Students should be able to answer the following questions or have a good understanding
of the following concepts before the date of the final exam:
Intro to SE (read course slides in Week 1)
1. What is software engineering?
2. Understand the differences between programming-in-the-large and programming-
in-the-small.
3. Understand the factors behind the emergence of software engineering.
4. Understand the software product qualities and their differences: e.g., correctness
vs. reliability; reliability vs. robustness vs. correctness; evolvability, testability.
5. Understand why the notion of software quality varies across stakeholders and
application domains.
Processes (read course slides in Week 1)
1. Understand the pros and cons of each of the following process models: “code and
fix”, waterfall, and iterative/incremental.

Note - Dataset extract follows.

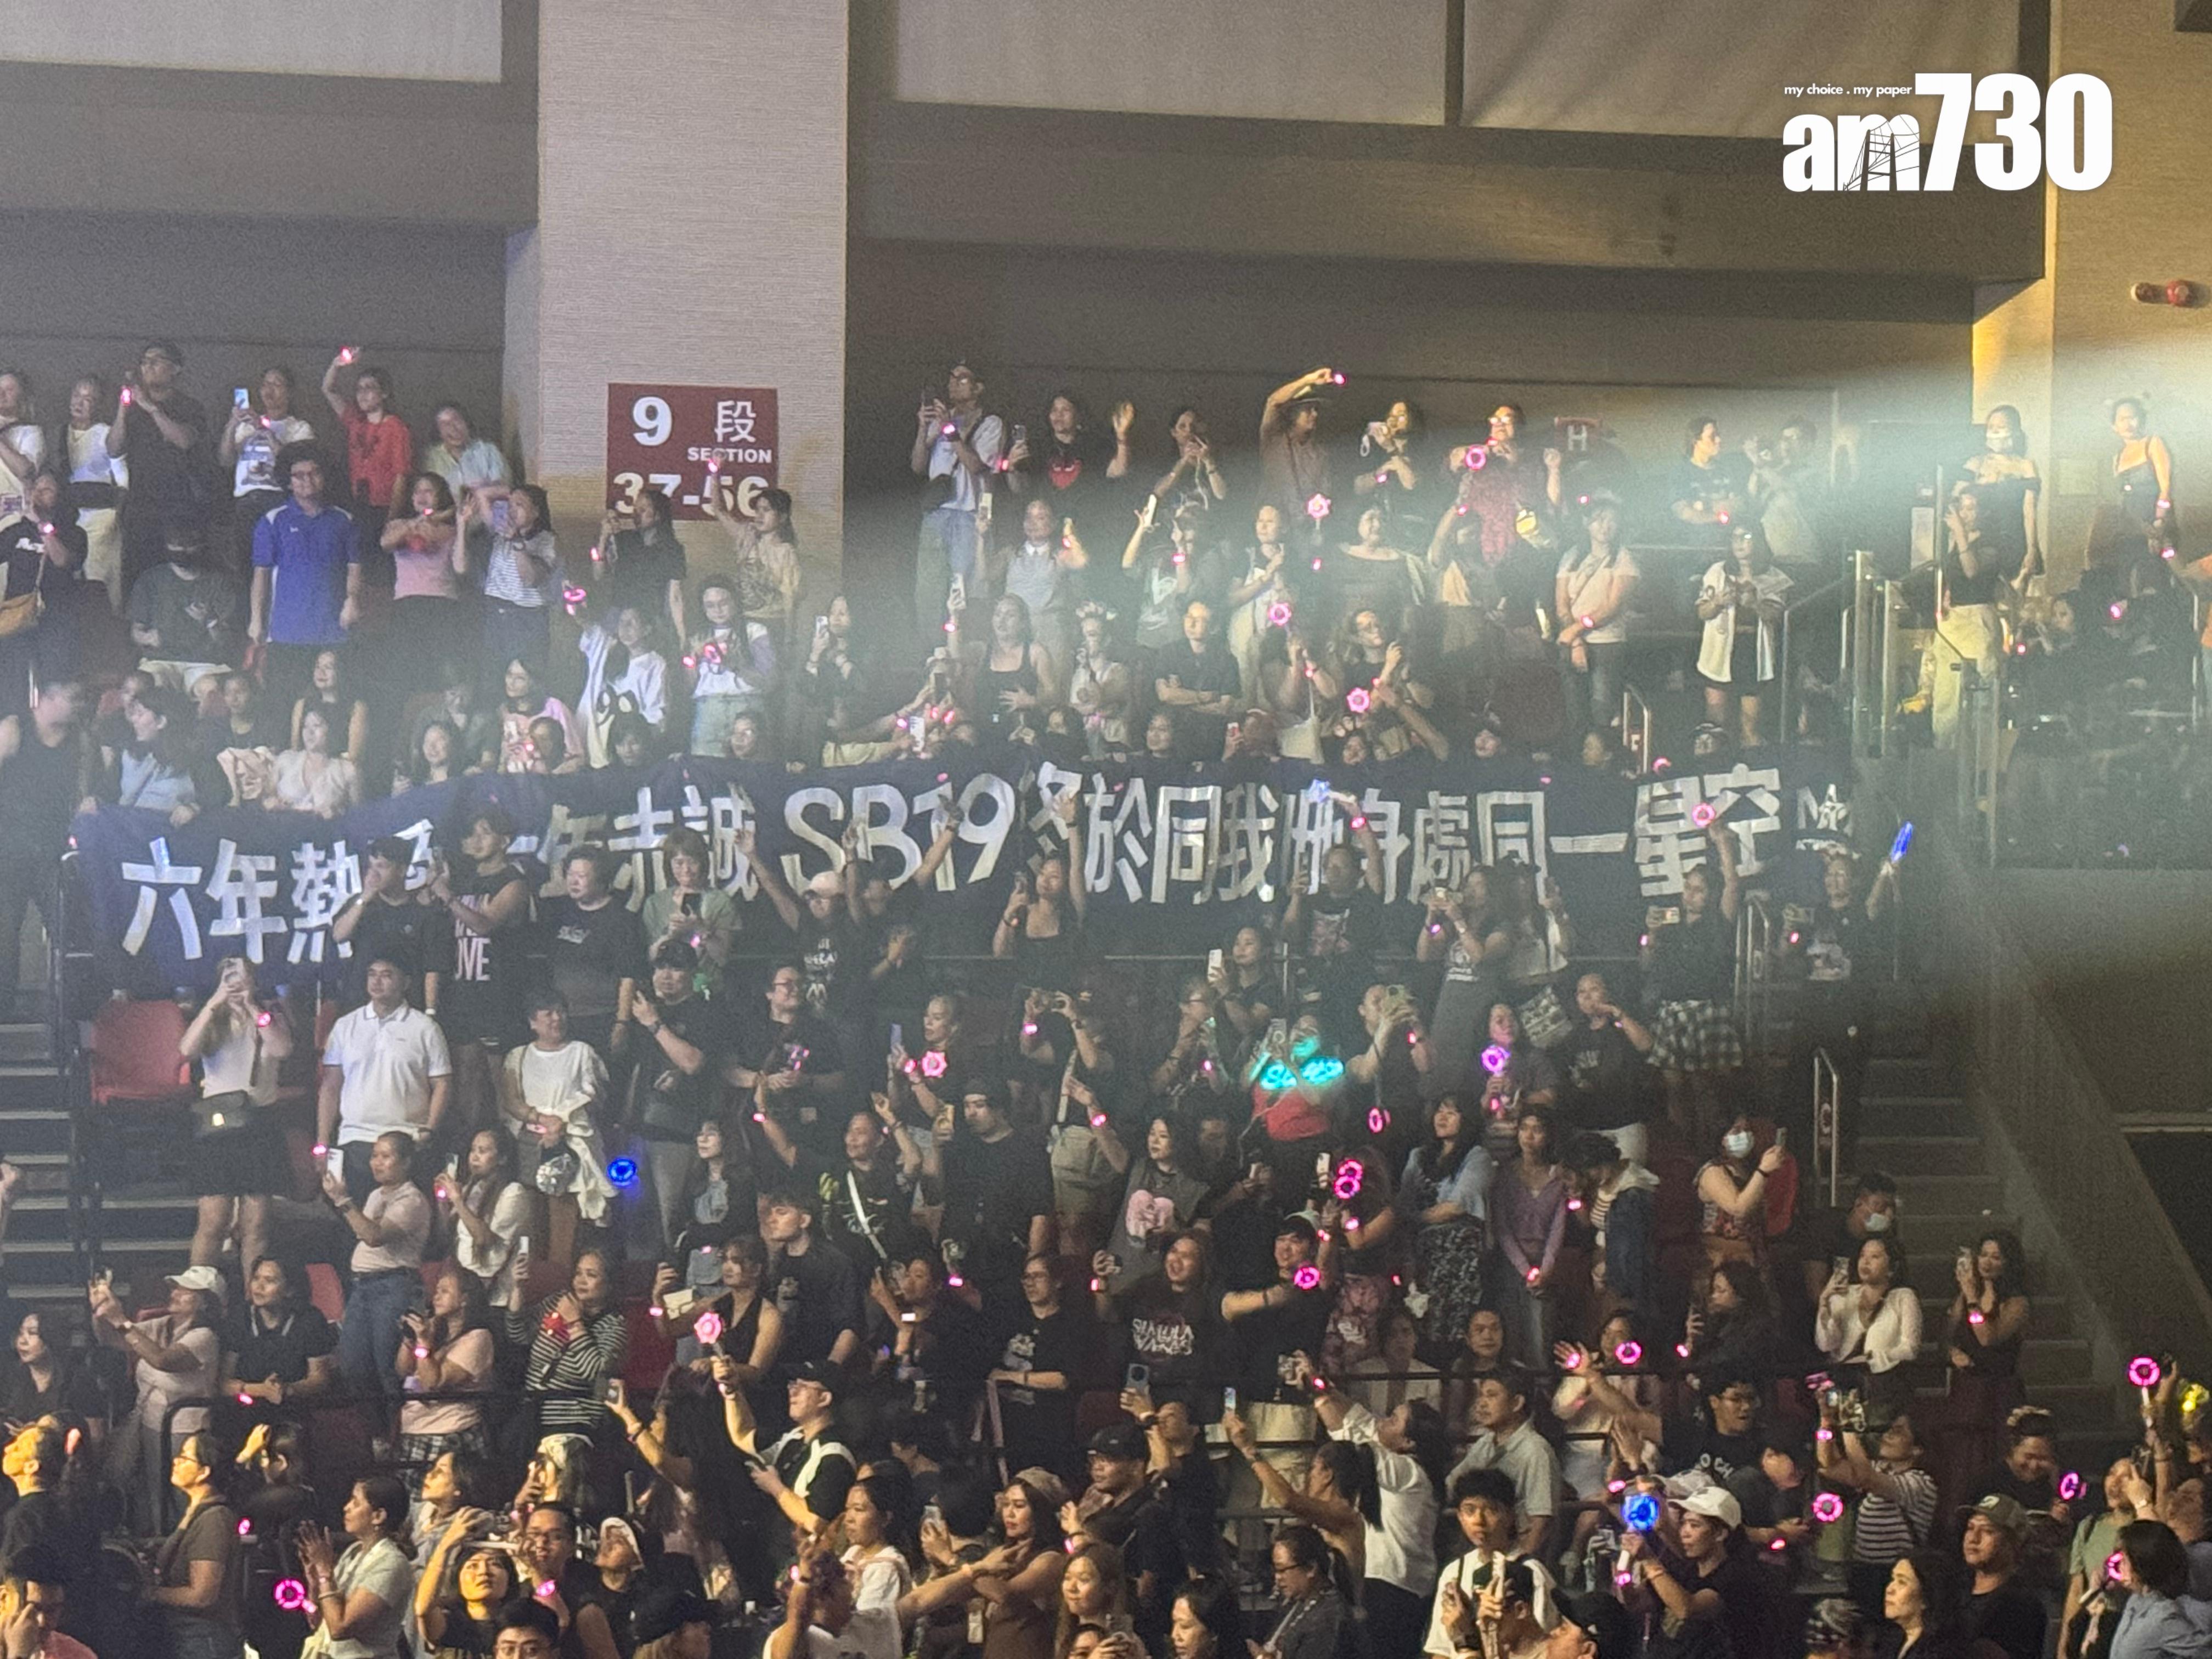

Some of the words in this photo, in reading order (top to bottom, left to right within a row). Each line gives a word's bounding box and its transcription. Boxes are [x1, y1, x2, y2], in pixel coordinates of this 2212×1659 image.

2. Under what circumstances is a conservative process model preferred over a
radical process model (and vice versa)?
3. What is the purpose of the Capability Maturity Model (CMM)?
4. Understand the Unified Process
a. What is time-boxing and why is it important?
b. What is the difference between a phase and an iteration in UP?
c. What is the difference between a phase and a workflow in UP?
OO Design (read text book Chapters 2 to 6 and course slides in
Weeks 2, 3)
1. What is an abstract data type? How is a class related to an abstract data type?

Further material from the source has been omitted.